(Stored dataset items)
____________

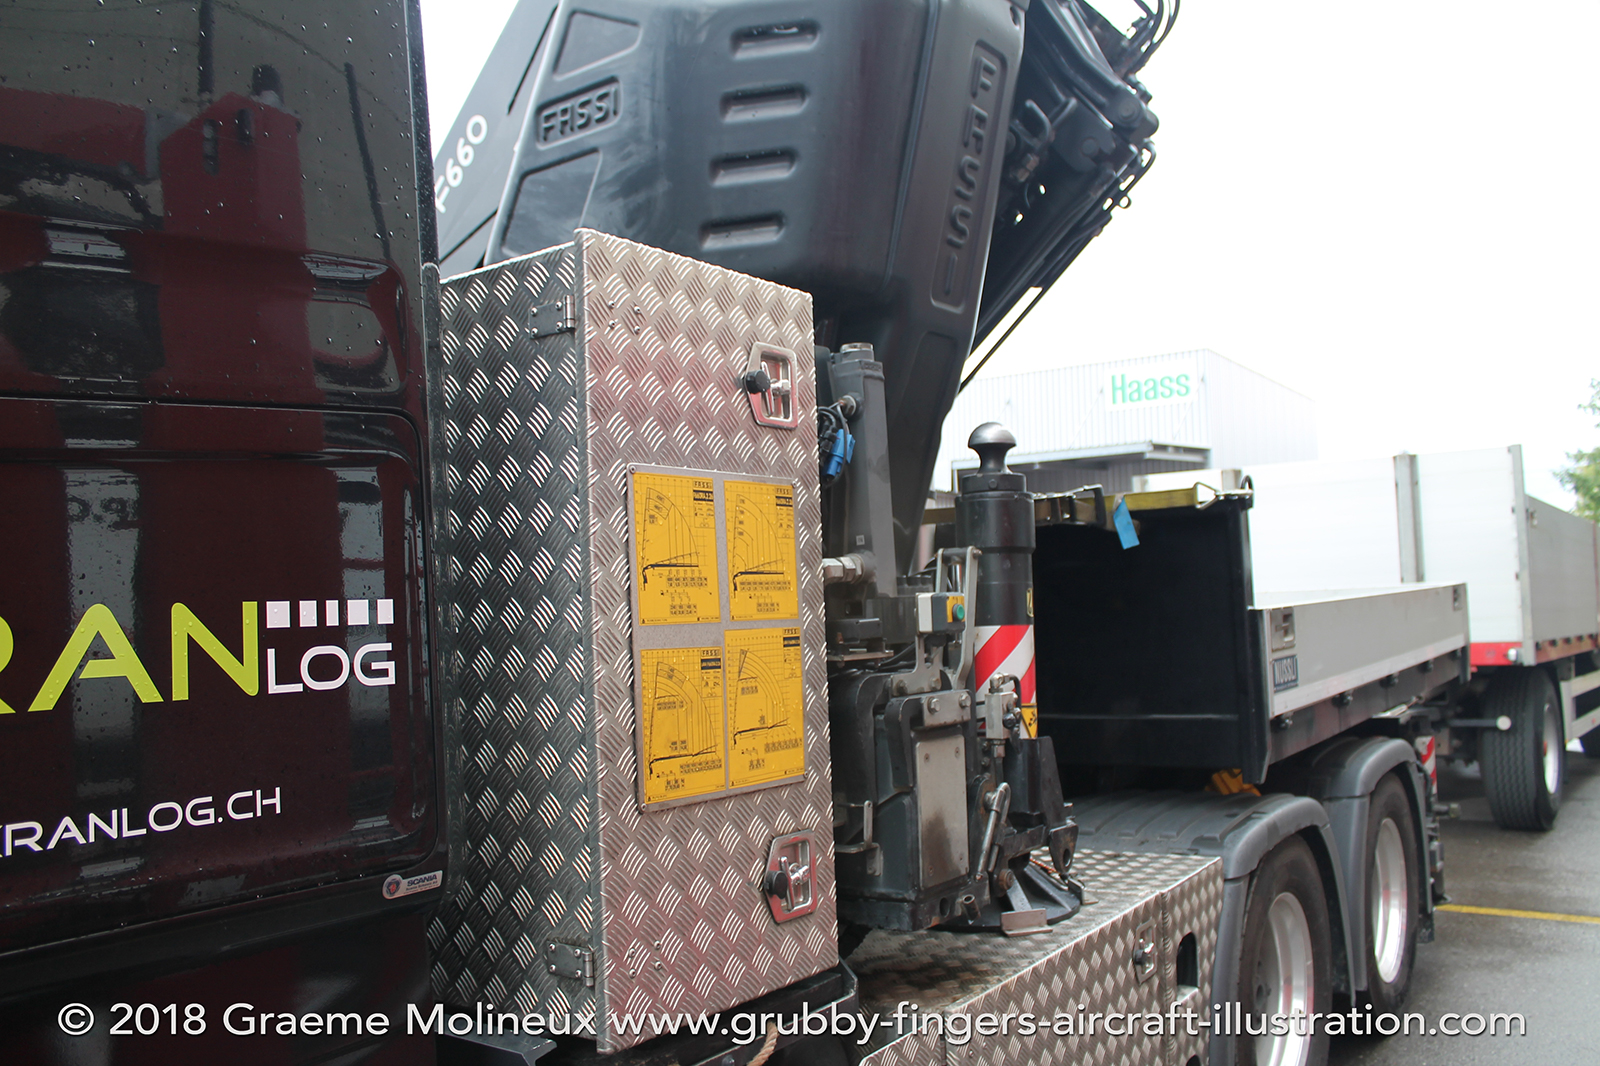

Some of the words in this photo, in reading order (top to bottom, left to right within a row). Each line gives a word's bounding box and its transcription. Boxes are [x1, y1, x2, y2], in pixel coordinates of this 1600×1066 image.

[541, 86, 618, 142] FASSI
[942, 56, 998, 296] FASSI
[1111, 373, 1192, 405] Haass
[0, 600, 260, 715] AN
[267, 642, 397, 695] LOG
[0, 786, 282, 858] RANLOG.CH
[407, 874, 438, 887] SCANIA

____________

> [What the exercise asks]
Copy these entries precisely and drop any picture.

> [Answer for this exercise]
Some of the words in this photo, in reading order (top to bottom, left to right within a row). Each line gives a word's bounding box and its transcription. Boxes are [x1, y1, x2, y2], in pixel coordinates of this 1600×1066 image.

[541, 86, 618, 142] FASSI
[942, 56, 998, 296] FASSI
[1111, 373, 1192, 405] Haass
[0, 600, 260, 715] AN
[267, 642, 397, 695] LOG
[0, 786, 282, 858] RANLOG.CH
[407, 874, 438, 887] SCANIA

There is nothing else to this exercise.